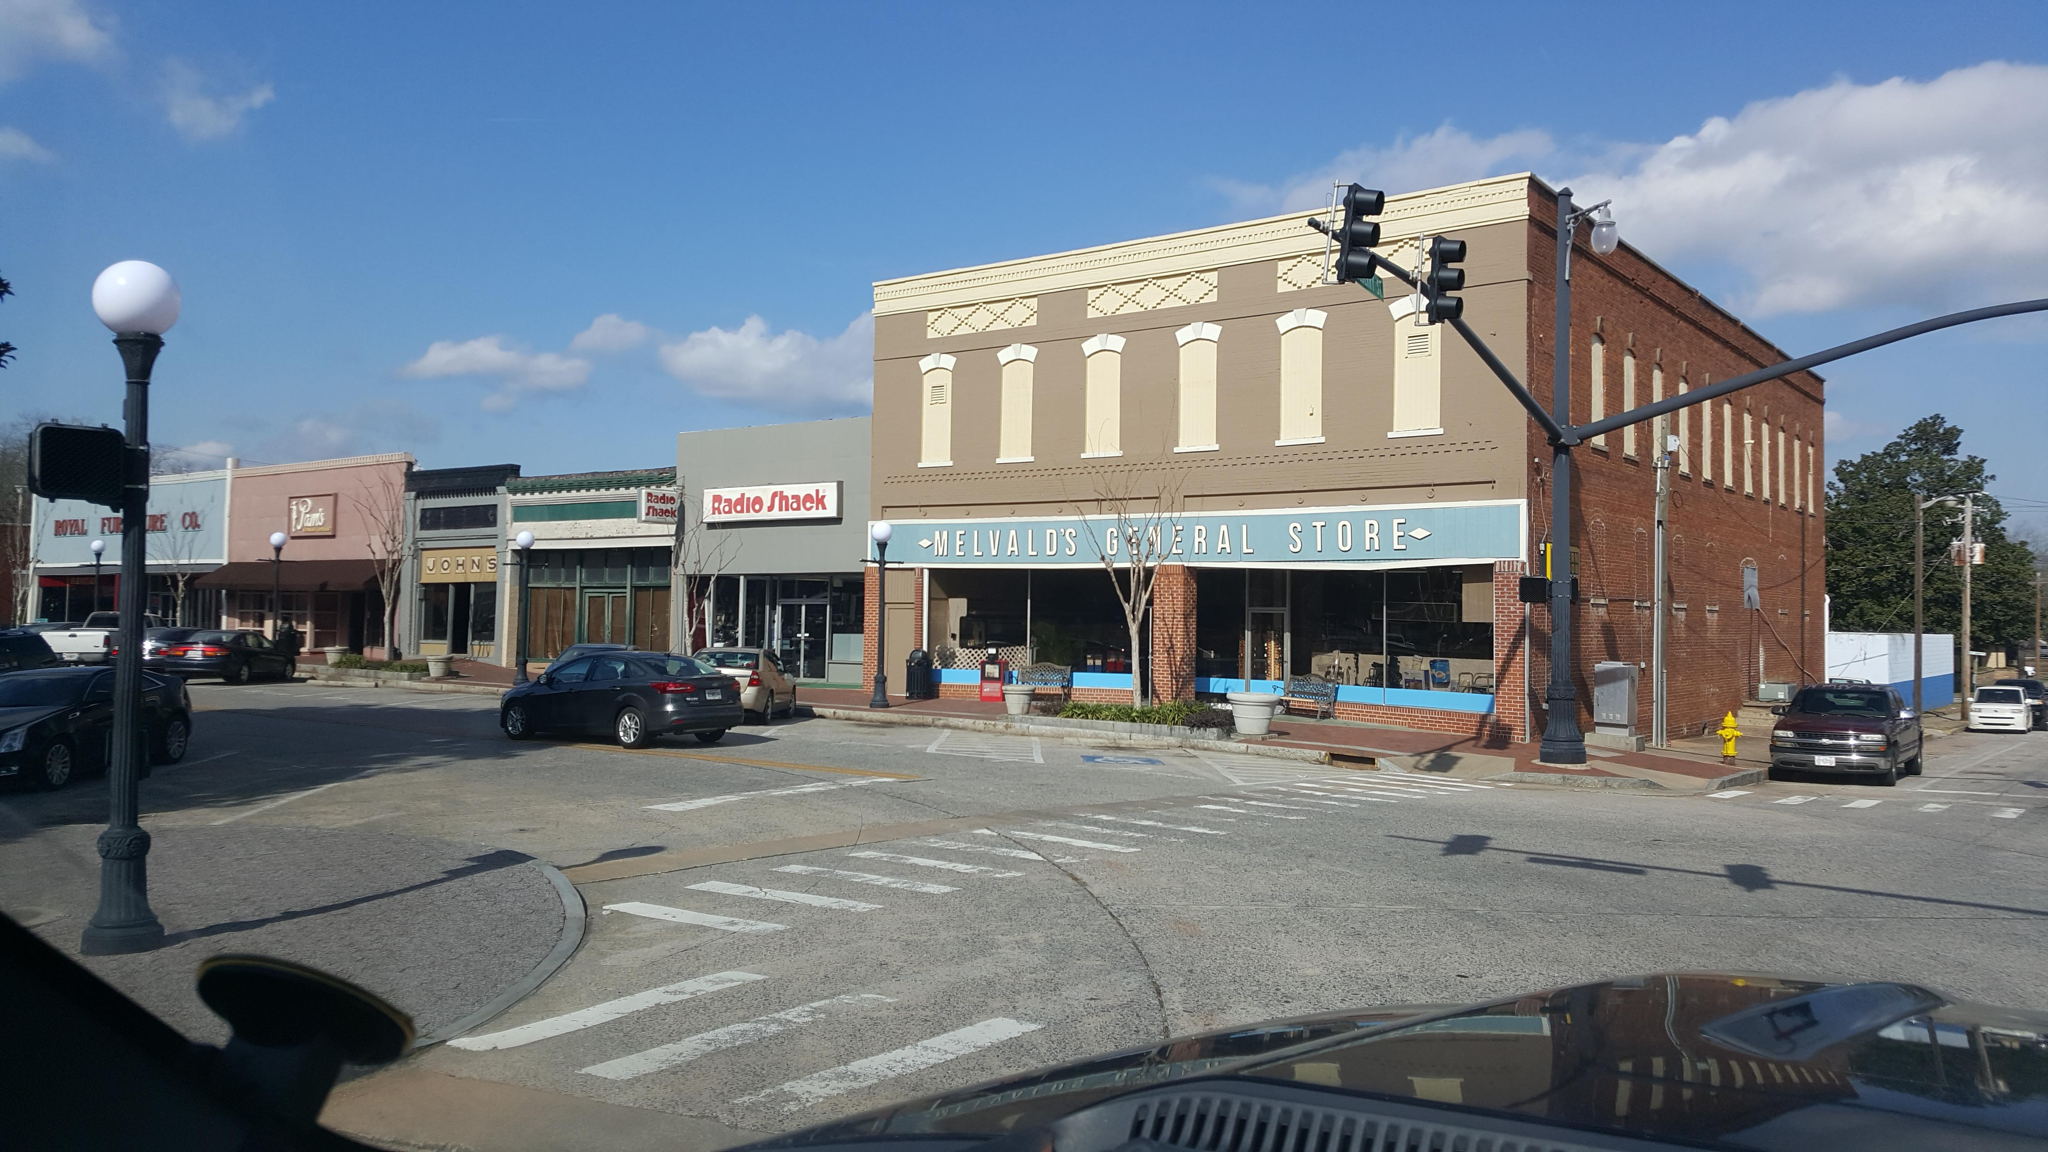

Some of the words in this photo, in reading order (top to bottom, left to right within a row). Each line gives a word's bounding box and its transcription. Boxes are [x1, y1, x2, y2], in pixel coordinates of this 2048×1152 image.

[646, 492, 676, 505] Radio
[711, 493, 764, 515] Radio
[767, 489, 827, 512] Shack
[645, 506, 678, 518] Shack
[54, 519, 87, 536] ROYAL
[101, 514, 168, 535] FURURE
[181, 511, 201, 531] CO.
[934, 527, 1078, 557] MELVALD'S
[1106, 523, 1255, 556] GENERAL
[1288, 518, 1408, 554] STORE
[426, 556, 497, 573] JOHNS

* _Problem to solve_:
Send back the entries above exactly. Skip the images.

* _Completed exercise_:
Some of the words in this photo, in reading order (top to bottom, left to right within a row). Each line gives a word's bounding box and its transcription. Boxes are [x1, y1, x2, y2], in pixel coordinates of this 2048×1152 image.

[646, 492, 676, 505] Radio
[711, 493, 764, 515] Radio
[767, 489, 827, 512] Shack
[645, 506, 678, 518] Shack
[54, 519, 87, 536] ROYAL
[101, 514, 168, 535] FURURE
[181, 511, 201, 531] CO.
[934, 527, 1078, 557] MELVALD'S
[1106, 523, 1255, 556] GENERAL
[1288, 518, 1408, 554] STORE
[426, 556, 497, 573] JOHNS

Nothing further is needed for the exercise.